Rezamos por los cristianos perseguidos. Y, a la vez, ¡cuánto podemos aprender de ellos! El ejemplo de sus vidas, animadas por la gracia, nos enseña de modo patente qué significa no poner límites al amor a Dios. Recordarles nos sirve también para nuestra vida cotidiana, ante las pequeñas o grandes cosas en las cuales queremos manifestar nuestro amor. Su herencia es una herencia de fidelidad a Jesucristo. Hallaron la fuerza en su debilidad (cfr. Hb 11,34) porque mantuvieron la mirada fija en Cristo crucificado mientras estaban «en la soledad de las prisiones, en las últimas horas después de la sentencia a muerte, en las largas noches de espera de una mano asesina inminente, en el frío del campo de concentración, en el dolor y en el cansancio de marchas insensatas»3. Ser coherederos de tantos santos nos llena de orgullo. Y, al mismo tiempo, nos puede llevar a pedir humildad para que el Espíritu Santo nos llene a nosotros también de su fortaleza.
«JESÚS estará en agonía hasta el fin del mundo: no hay que dormir durante este tiempo»4. Jesús, muerto y resucitado por nuestra salvación, se mantiene en agonía en cada mujer y en cada hombre que sufre, que padece persecución, que es despreciado o injustamente incomprendido. El cristiano no puede ser indiferente al sufrimiento de esas personas. Algunas quizá estén lejos físicamente de nosotros. Pero tal vez otras están cerca. «Cuanto hicisteis a uno de estos mis hermanos más pequeños, a mí me lo hicisteis» (Mt 25,40). Podemos pedir al Señor que estas palabras suyas se mantengan vivas en nosotros; que nos conceda un corazón sabio y sensible, capaz de percibir la necesidad y el sufrimiento de nuestros hermanos, de manera que estemos disponibles para ayudar.

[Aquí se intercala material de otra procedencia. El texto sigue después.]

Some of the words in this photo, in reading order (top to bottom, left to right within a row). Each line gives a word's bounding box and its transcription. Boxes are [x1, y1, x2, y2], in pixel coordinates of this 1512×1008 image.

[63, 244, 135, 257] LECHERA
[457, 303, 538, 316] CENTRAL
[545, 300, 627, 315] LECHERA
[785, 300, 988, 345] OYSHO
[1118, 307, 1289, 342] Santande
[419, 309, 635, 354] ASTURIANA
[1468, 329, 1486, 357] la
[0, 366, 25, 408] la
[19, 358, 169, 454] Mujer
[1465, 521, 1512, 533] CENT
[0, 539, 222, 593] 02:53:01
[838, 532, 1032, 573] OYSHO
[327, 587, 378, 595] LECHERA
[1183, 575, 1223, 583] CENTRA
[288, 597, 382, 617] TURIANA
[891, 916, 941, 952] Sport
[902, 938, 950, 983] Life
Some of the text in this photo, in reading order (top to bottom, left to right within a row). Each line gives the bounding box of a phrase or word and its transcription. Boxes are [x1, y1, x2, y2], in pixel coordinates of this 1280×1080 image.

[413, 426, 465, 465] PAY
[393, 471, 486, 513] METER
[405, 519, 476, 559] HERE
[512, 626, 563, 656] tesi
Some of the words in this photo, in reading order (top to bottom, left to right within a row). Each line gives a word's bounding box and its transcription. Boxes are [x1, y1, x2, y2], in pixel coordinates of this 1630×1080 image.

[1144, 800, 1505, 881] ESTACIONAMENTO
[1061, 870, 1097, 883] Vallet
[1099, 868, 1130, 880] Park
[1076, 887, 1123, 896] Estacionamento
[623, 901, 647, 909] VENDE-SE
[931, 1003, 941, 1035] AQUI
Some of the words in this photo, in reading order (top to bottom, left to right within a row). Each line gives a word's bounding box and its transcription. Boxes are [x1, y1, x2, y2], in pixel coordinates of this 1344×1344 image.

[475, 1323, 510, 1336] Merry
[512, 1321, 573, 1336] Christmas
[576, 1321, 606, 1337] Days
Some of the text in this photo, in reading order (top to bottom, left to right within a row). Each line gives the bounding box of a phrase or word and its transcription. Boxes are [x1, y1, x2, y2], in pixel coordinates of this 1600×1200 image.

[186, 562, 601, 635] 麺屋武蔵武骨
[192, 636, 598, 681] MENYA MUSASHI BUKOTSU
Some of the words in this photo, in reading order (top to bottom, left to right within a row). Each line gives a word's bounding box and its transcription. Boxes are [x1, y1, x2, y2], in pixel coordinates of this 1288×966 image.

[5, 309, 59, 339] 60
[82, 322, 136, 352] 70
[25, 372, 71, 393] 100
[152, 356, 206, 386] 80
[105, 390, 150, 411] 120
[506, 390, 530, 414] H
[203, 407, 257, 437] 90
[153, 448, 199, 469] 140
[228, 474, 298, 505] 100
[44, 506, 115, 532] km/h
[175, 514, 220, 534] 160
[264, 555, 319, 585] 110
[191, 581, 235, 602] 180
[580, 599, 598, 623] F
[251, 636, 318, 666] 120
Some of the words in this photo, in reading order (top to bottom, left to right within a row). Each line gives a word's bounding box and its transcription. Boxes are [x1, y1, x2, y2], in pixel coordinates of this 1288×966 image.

Estos días de Cuaresma son propicios para contemplar la pasión de Cristo: a Jesús despreciado, torturado por los soldados, mirado con indiferencia por Pilatos, abandonado por sus discípulos, azotado con látigos, llevando la cruz y muriendo en ella lleno de mansedumbre; sin embargo, «todos sus gestos y todas sus palabras son de amor, de amor sereno y fuerte»5. Ver a Jesús nos llevará a purificar poco a poco nuestra mirada, de manera que sepamos advertir los sufrimientos de tantas personas, especialmente de quienes nos rodean, y tener una compasión creativa que alivie a los demás.
María permaneció junto a su hijo al pie de la cruz. Vio su mansedumbre y paciencia. Muy posiblemente le escuchó decir aquellas inolvidables palabras: «Padre, perdónales, porque no saben lo que hacen» (Jn 23,34). Podemos acudir a su intercesión para que nos ayude a todos los cristianos a vencer el mal con el bien: algunos estarán llamados a hacerlo en situaciones dolorosas y difíciles; otros, en situaciones más ordinarias. Que todos, contemplando a Jesús en la cruz, aprendamos a amar a nuestros semejantes con misericordia y comprensión.
1 San Josemaría, Vía Crucis, X Estación, n.1.
2 Francisco, Audiencia, 29-IV-2020.
3 F. X. Nguyen van Thuan, Testigos de la esperanza, p. 123.
4 B. Pascal, Pensamientos, n. 553. Citado por Benedicto XVI, Audiencia, 8-IV-2009.
5 San Josemaría, Vía Crucis, XI estación.